CBSE amends affiliation by-laws for schools, leaves infrastructural audit to states

NEW DELHI: The Central Board of Secondary Education (CBSE) has revamped its norms for granting affiliation to schools, leaving the onus of the infrastructural audit on states and limiting its own role to academic quality monitoring.
HRD Minister Prakash Javadekar announced Thursday that the affiliation by-laws of the CBSE have been completely revamped to ensure speed, transparency, hassle-free procedures and ease of doing business with the board.

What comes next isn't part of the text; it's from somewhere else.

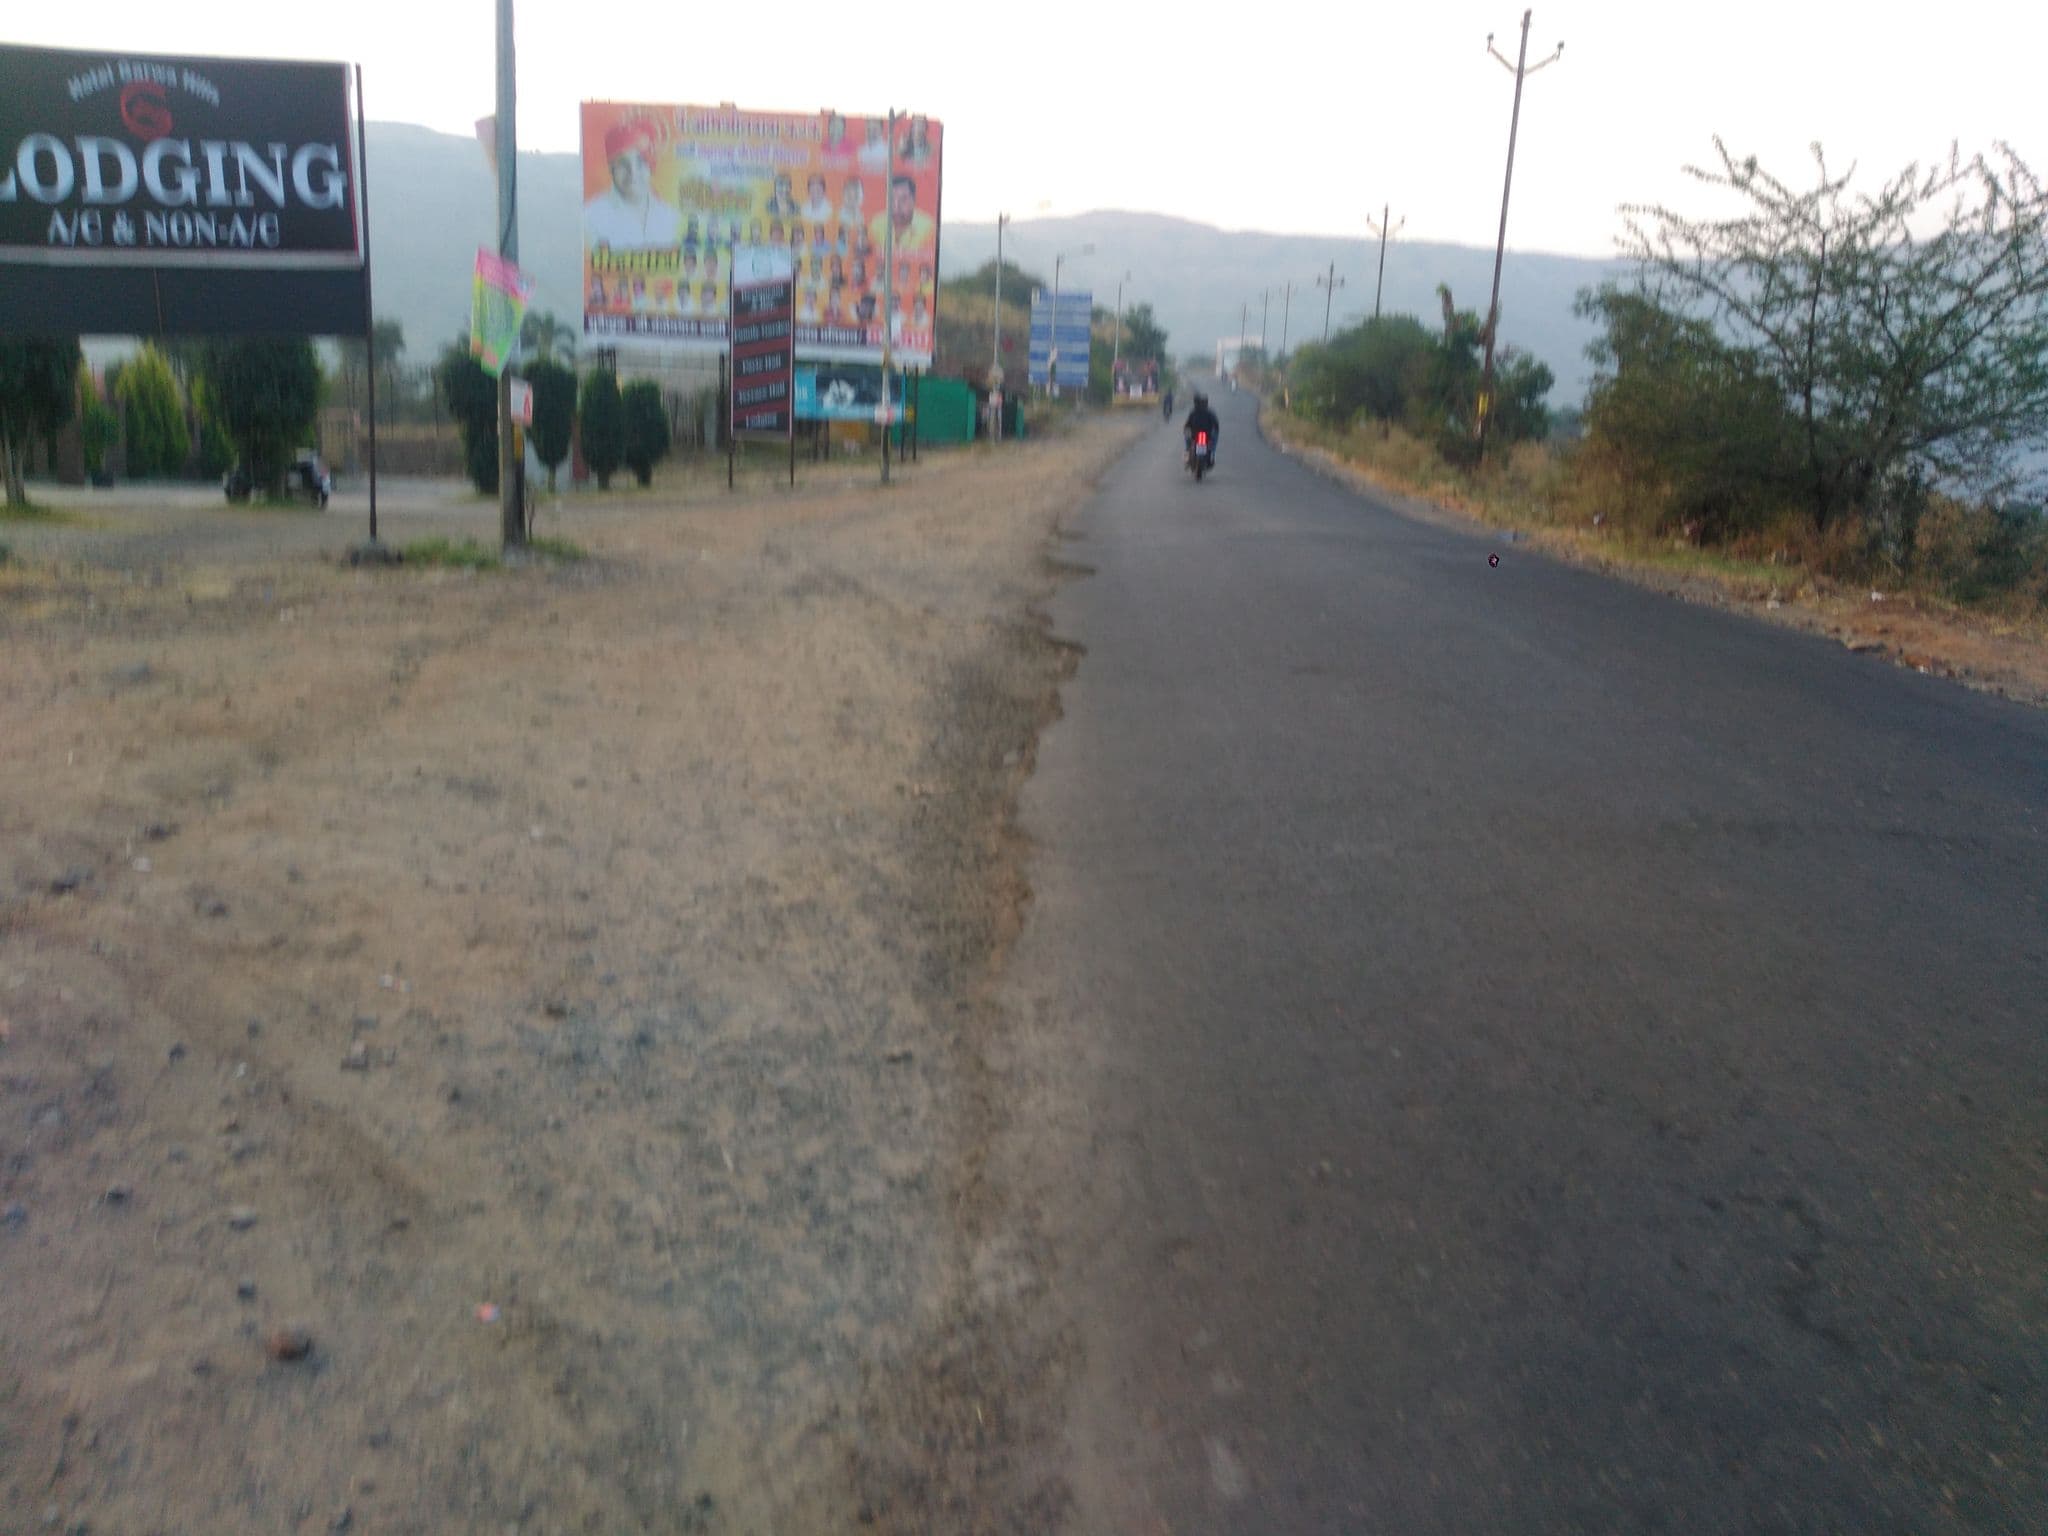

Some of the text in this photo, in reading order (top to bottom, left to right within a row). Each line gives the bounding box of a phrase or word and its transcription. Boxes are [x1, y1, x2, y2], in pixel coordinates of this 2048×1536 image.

“The new by-laws denote a major shift from the highly complex procedures followed earlier to a simplified system based on preventing duplication of processes. At present, for issuing recognition under the RTE Act and the NOC, the state education administration verifies various certificates to be obtained from local bodies, revenue and cooperative departments. CBSE re-verifies them after the applications are received and hence the process becomes long drawn,” he told reporters here.
“The board will now not revisit any of the aspects vetted by the state during its inspection and the delay due to scrutiny and non-compliance of deficiencies in these documents shall be drastically curtailed. Inspection of schools by the CBSE will now be outcome-based and more academic and quality-oriented,” Javadekar added.
The CBSE has 20,783 schools affiliated to it across the country and abroad, with over 1.9 crore students and more than 10 lakh teachers. The affiliation by-laws were formulated in the year 1998 and were last modified in 2012.
“The inspection by the CBSE will focus on academic excellence and progress of students over time, innovations and quality of pedagogy, capacity of teachers and teacher training, inclusive practices in school, quality of co-scholastic activities, whether the curricular load is as per norms and whether there is adequate emphasis on sports,” he said.